Task statement:
Nothing but the exact text of the entries should appear in your answer; pictures stay out.

Source material:
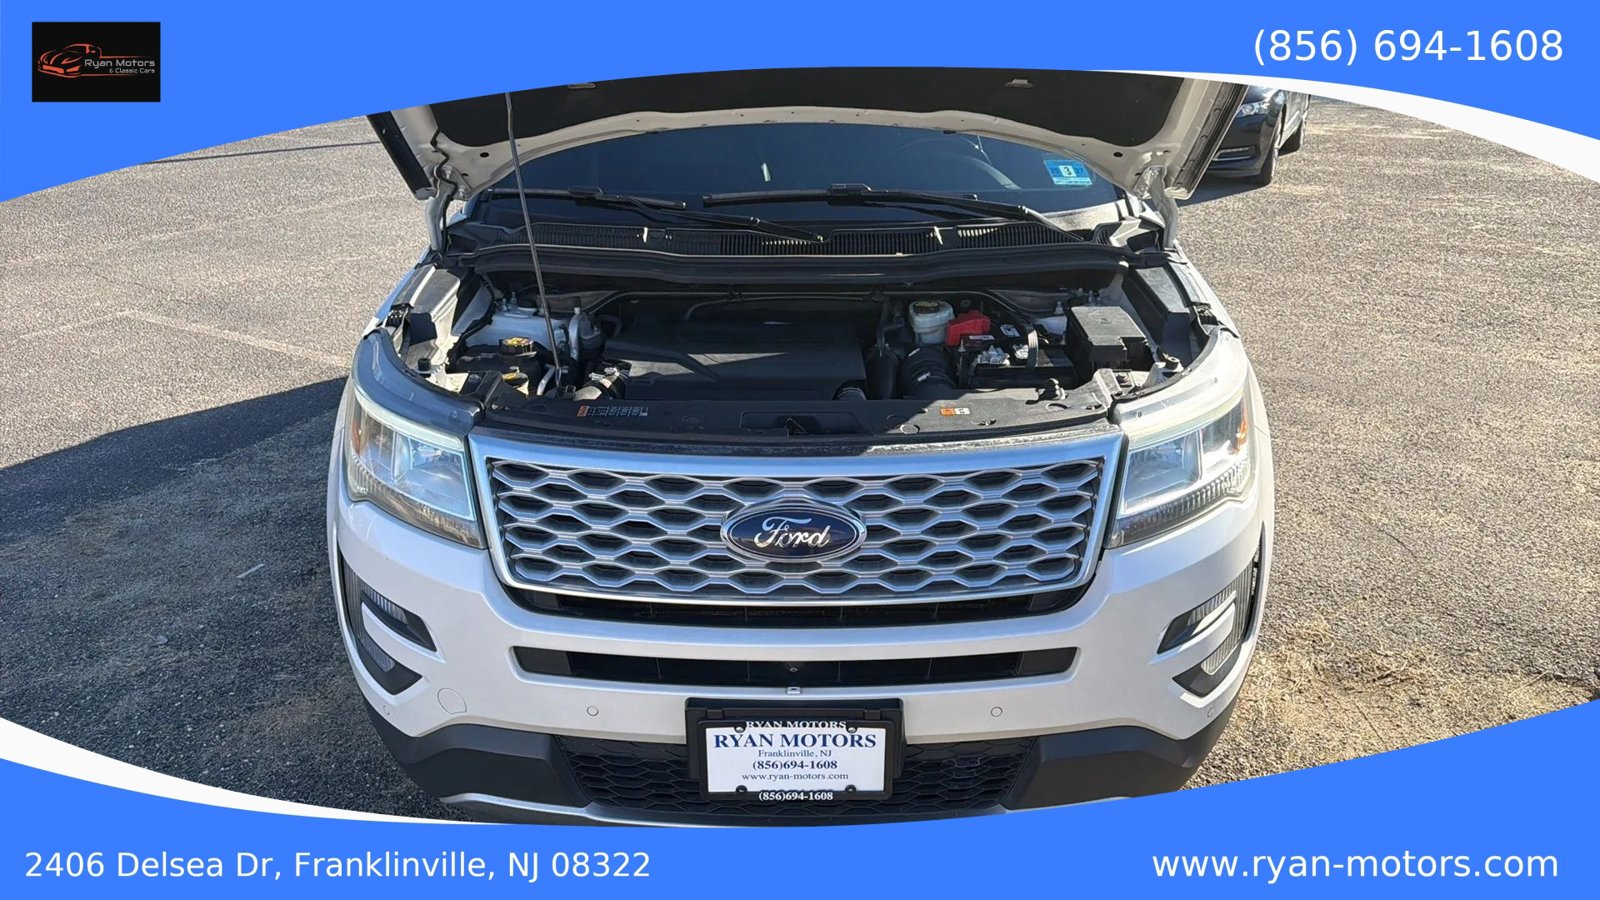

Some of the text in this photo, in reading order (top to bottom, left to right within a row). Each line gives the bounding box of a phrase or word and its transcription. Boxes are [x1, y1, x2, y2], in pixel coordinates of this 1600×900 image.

[1063, 166, 1072, 176] 3
[753, 516, 831, 549] Ford
[746, 720, 847, 729] RYAN MOTORS
[713, 733, 877, 748] RYAN MOTORS
[758, 749, 832, 758] Franklinville, NJ
[752, 760, 838, 770] (856)694-1608
[741, 772, 849, 781] www.ryan-motors.com
[758, 791, 834, 801] (856)694-1608
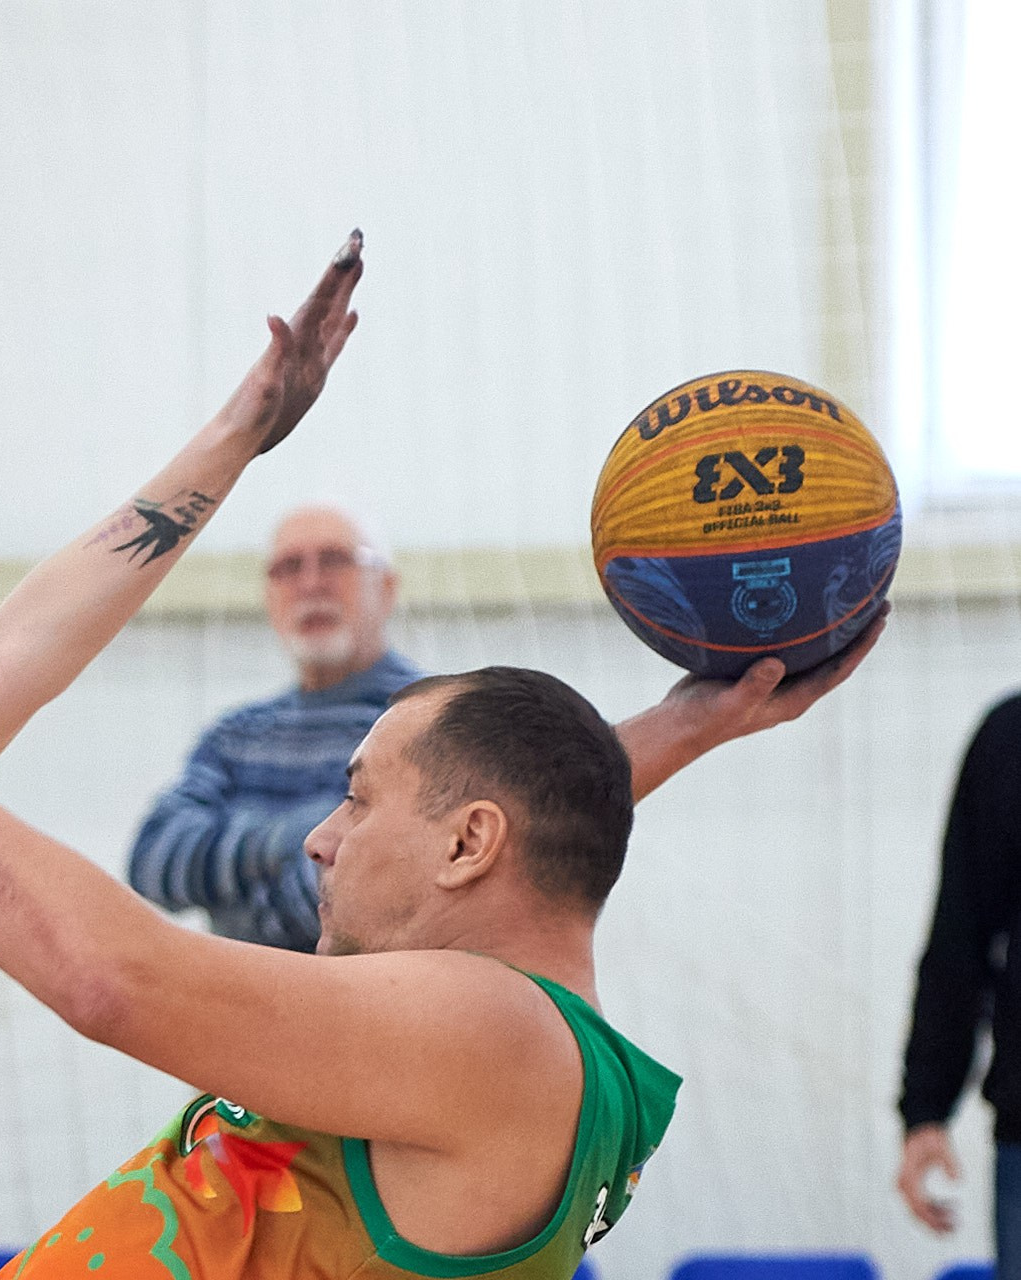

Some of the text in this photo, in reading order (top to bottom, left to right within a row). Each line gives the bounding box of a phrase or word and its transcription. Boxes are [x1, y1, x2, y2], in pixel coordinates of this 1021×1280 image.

[634, 379, 842, 440] Wilson
[702, 512, 800, 534] OFFICIAL BALL
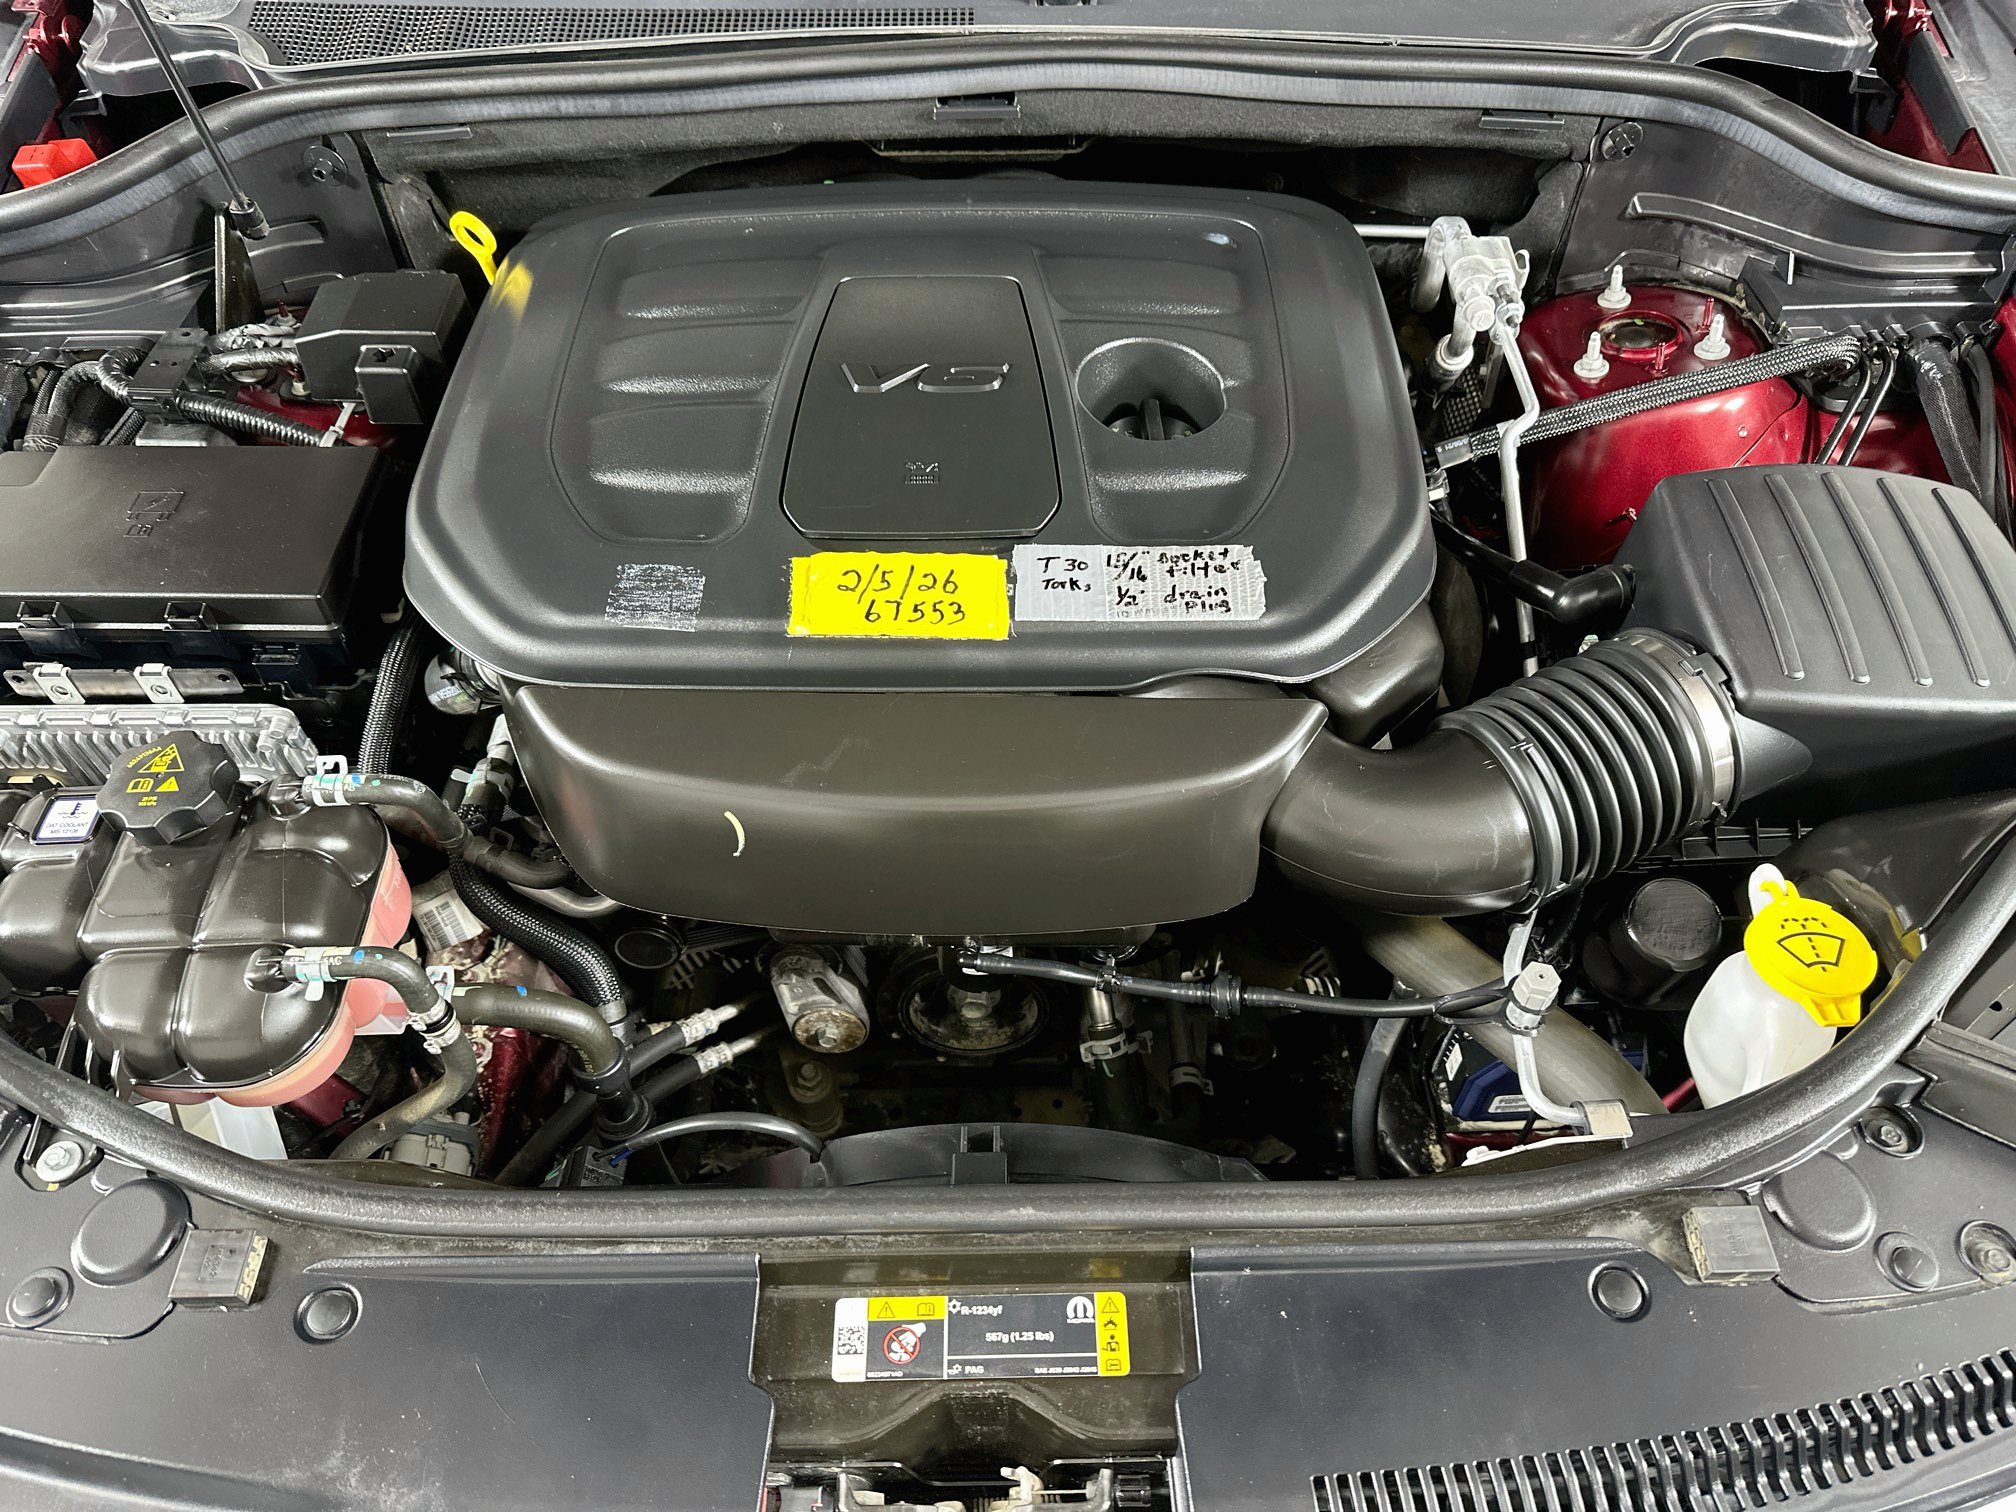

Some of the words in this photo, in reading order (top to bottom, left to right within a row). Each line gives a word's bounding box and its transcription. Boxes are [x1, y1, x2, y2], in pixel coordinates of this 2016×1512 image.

[840, 362, 1012, 393] V6
[1036, 556, 1061, 573] T
[1063, 557, 1089, 572] 30
[837, 563, 959, 605] 2/5/26
[1164, 584, 1228, 604] drain
[864, 598, 966, 626] 67553
[1185, 599, 1231, 614] plug
[960, 1304, 1003, 1317] R-1234yf
[985, 1331, 1009, 1344] 567g
[1010, 1331, 1034, 1343] (1.25
[1035, 1330, 1055, 1343] lbs)
[964, 1365, 984, 1374] PAG

Answer section:
Some of the text in this photo, in reading order (top to bottom, left to right within a row). Each line gives the bounding box of a phrase or word and its transcription. Boxes are [x1, y1, x2, y2], in pixel coordinates of this 1600×900 image.

[1063, 166, 1072, 176] 3
[753, 516, 831, 549] Ford
[746, 720, 847, 729] RYAN MOTORS
[713, 733, 877, 748] RYAN MOTORS
[758, 749, 832, 758] Franklinville, NJ
[752, 760, 838, 770] (856)694-1608
[741, 772, 849, 781] www.ryan-motors.com
[758, 791, 834, 801] (856)694-1608

Some of the text in this photo, in reading order (top to bottom, left to right within a row). Each line gives the bounding box of a phrase or word and its transcription. Boxes are [x1, y1, x2, y2], in pixel coordinates of this 1021×1280 image.

[634, 379, 842, 440] Wilson
[702, 512, 800, 534] OFFICIAL BALL

Some of the words in this photo, in reading order (top to bottom, left to right within a row). Each line gives a word's bounding box and its transcription. Boxes are [x1, y1, x2, y2], in pixel coordinates of this 2016×1512 image.

[840, 362, 1012, 393] V6
[1036, 556, 1061, 573] T
[1063, 557, 1089, 572] 30
[837, 563, 959, 605] 2/5/26
[1164, 584, 1228, 604] drain
[864, 598, 966, 626] 67553
[1185, 599, 1231, 614] plug
[960, 1304, 1003, 1317] R-1234yf
[985, 1331, 1009, 1344] 567g
[1010, 1331, 1034, 1343] (1.25
[1035, 1330, 1055, 1343] lbs)
[964, 1365, 984, 1374] PAG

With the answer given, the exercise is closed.